JPEG or JPG is a popular, extremely portable image file format used widely by photographers and online. Its delicate balance between portability and quality gives users the best of two worlds – a small file size to store more images and satisfying image quality.
But what is JPEG compression, and how much can you compress a JPG? In this article, we'll answer your questions, including why to compress JPEG files and how to go about it.
JPEG or JPG compression is the act of reducing the size of a JPEG image file. While other image formats feature lossless compression, meaning that the picture loses no quality with compression, JPG features lossy compression, which does.
Lossy compression reduces the image quality as the file size gets smaller. The most obvious thing to happen when a JPEG compresses severely is that finer details disappear. The picture’s pixels get much larger, giving the image a "blocky" appearance.
On the other hand, a small amount of compression will have few artifacts, barely noticeable in busier images with many colors.

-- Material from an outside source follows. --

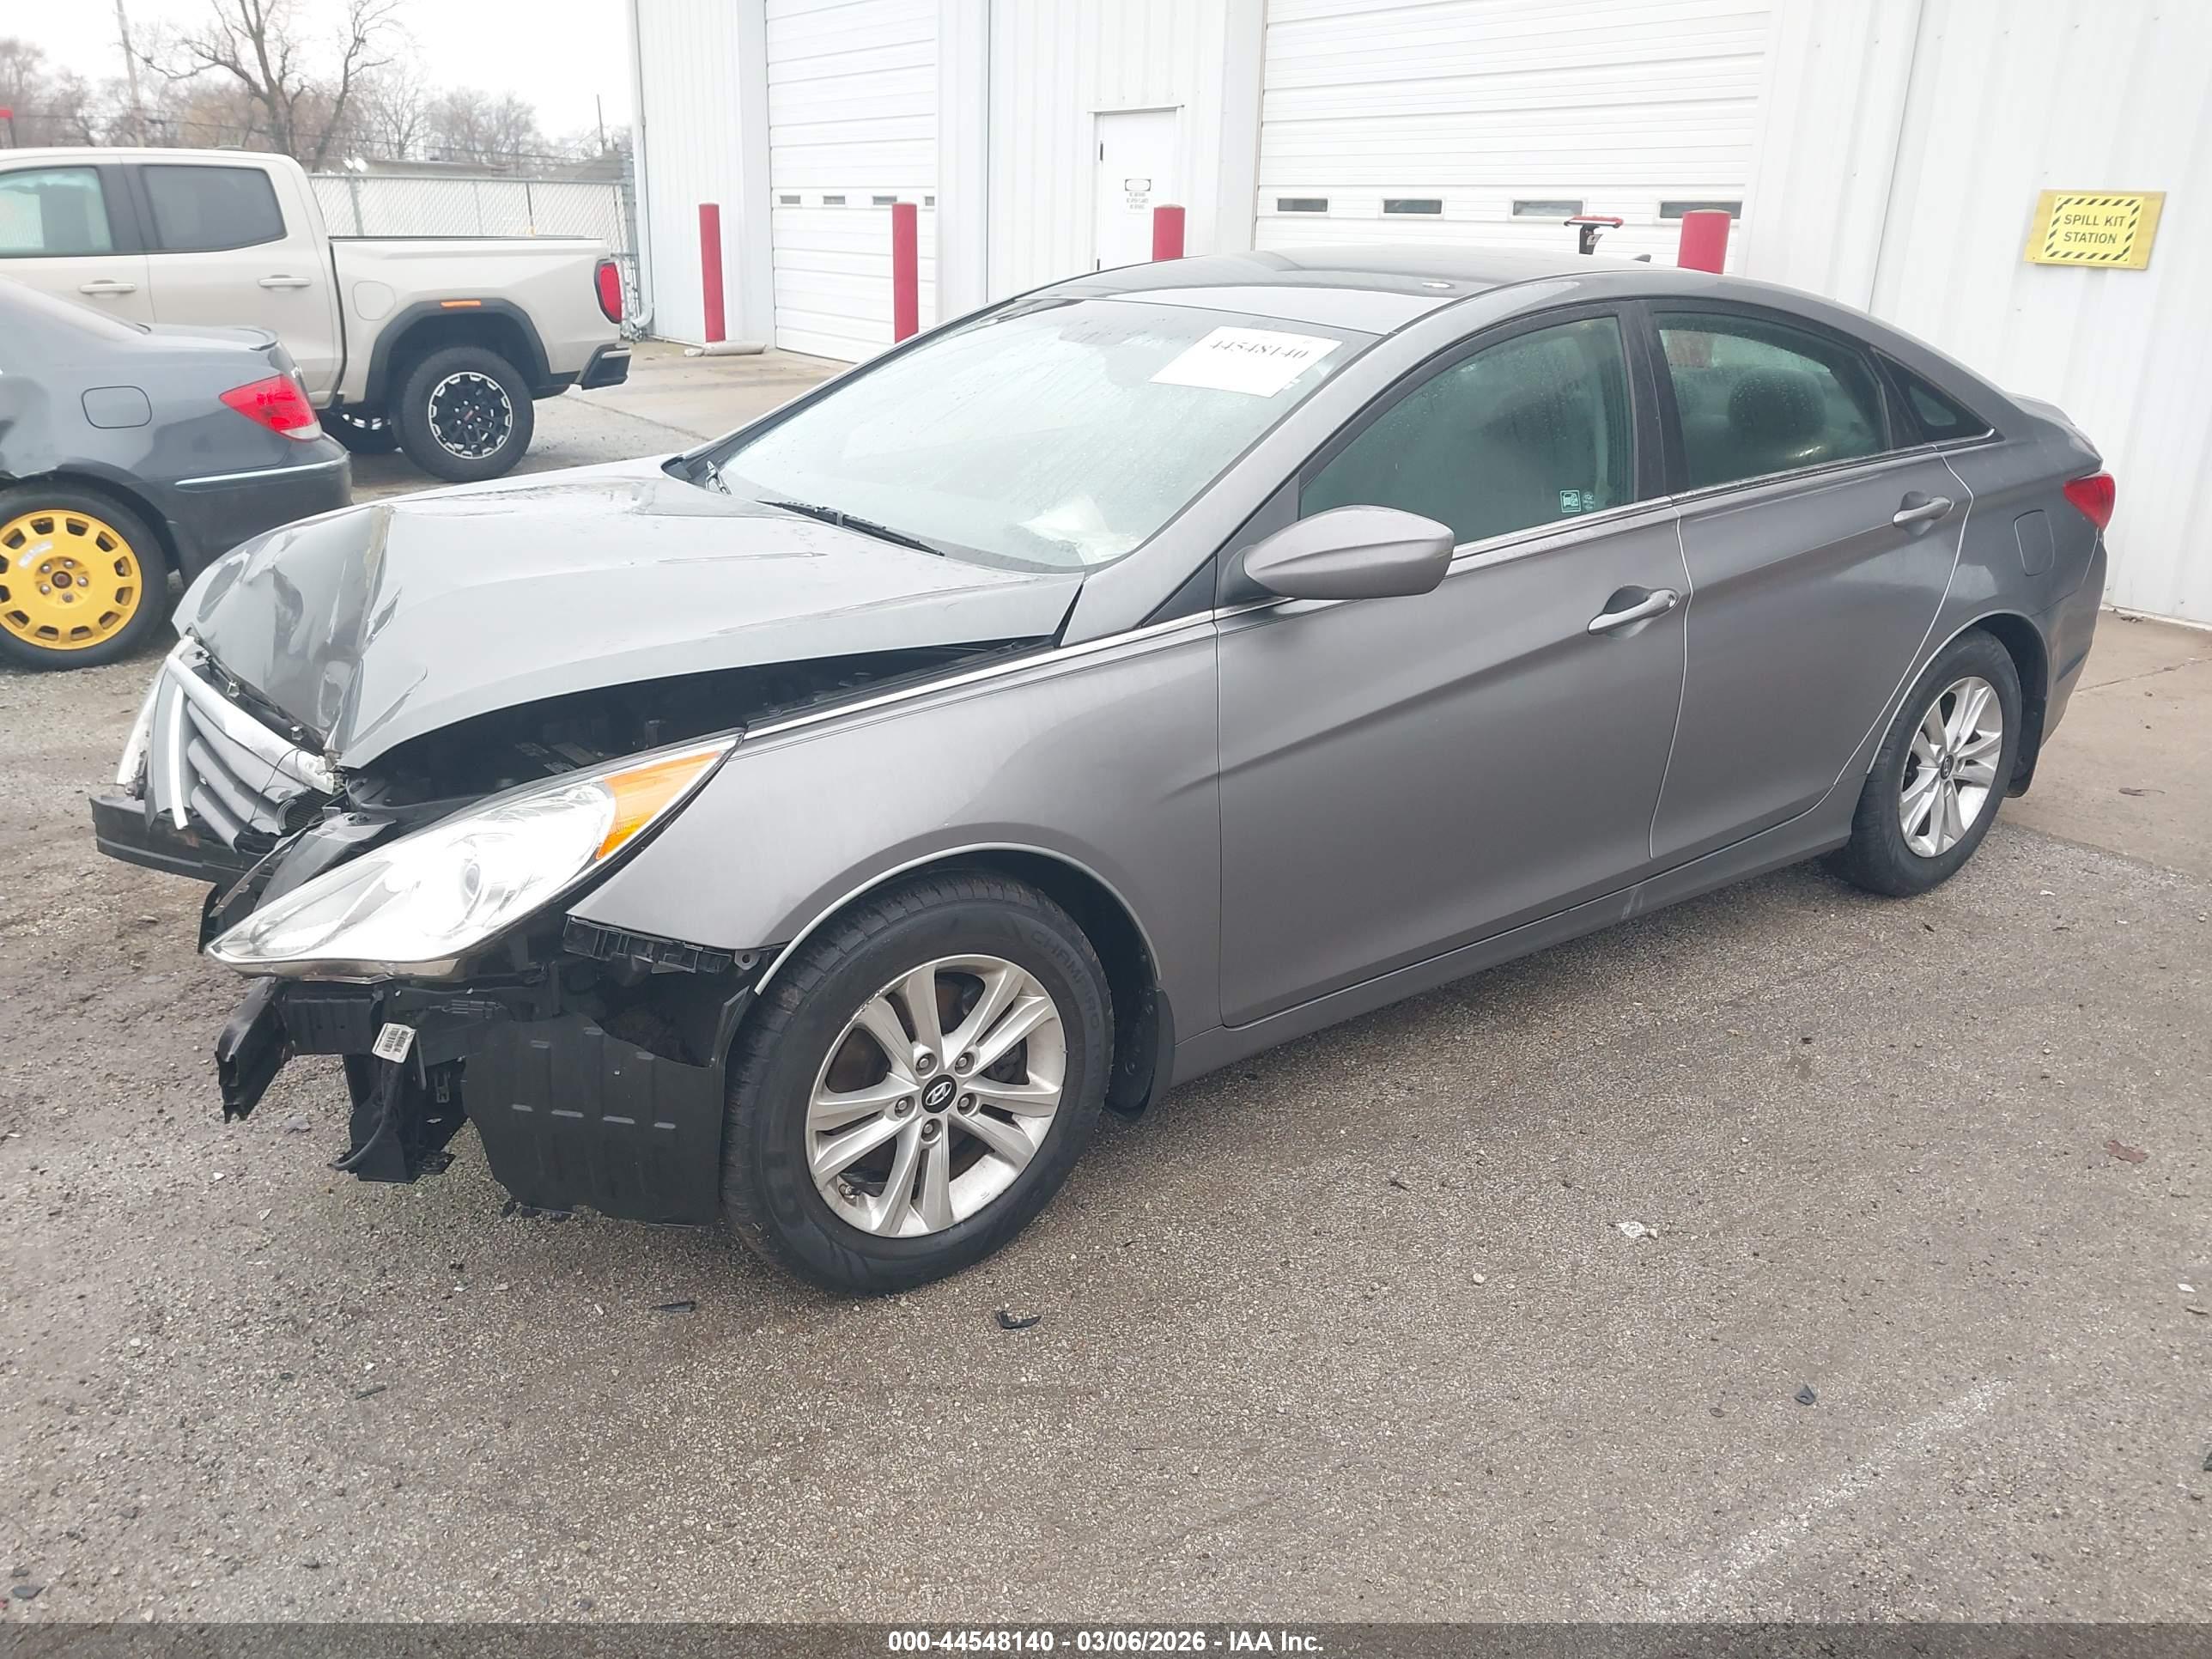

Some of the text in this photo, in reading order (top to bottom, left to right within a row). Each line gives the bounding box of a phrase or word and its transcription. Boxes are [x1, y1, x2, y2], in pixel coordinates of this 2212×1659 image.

JPG files can compress considerably to generate tiny file sizes. But as the image quality gets extremely poor with significant compression, it’s best to balance the amount of compression with image quality. Because with image compression, you ultimately want as little perceptible image quality loss as possible.
The best compression ratio to retain image quality is 10:1. If you're looking to reduce the file size of your photographs while keeping image quality, this is the maximum compression ratio you want to shoot for.
But, if you're feeling adventurous or have extreme compressional needs – you can reduce file sizes to as much as 5% of its original file size. By that point, however, the image quality is so poor that you can’t see what the image represents anymore.
Why compress JPEGs? The main reason to compress JPG images is to reduce file size to save space on your hard drive or portable storage device.
Compressing JPEGs is also desirable when transferring or uploading files online, for the simple reason that smaller files transfer or upload faster.
JPEG is also a great image format for websites because smaller images load faster. Note, however, that images in JPEG format work best for photos with a lot of detail. The JPEG artifacts are more visible on graphics, logos, and clear pictures with text.
Most image processing software, like PaintShop Pro, can do standard lossy JPG compression. When saving an image as JPEG in PaintShop Pro, you get a JPEG Options window. This window lets you adjust image quality from low (small file) to maximum (large file). You can also compress JPEG files in image editing software such as Corel PHOTO-PAINT or with online tools.
The best method that reduces file size but leaves image quality intact is by utilizing a compression software like WinZip. Zip your JPEG files and enjoy a smaller, more convenient space-saving way to store and send photos.
JPEG files continue to be the leading file format for images. With some drawbacks, like visible artifacts with heavy JPEG compression, it’s still an extremely lightweight format that satisfies global viewers both offline and online.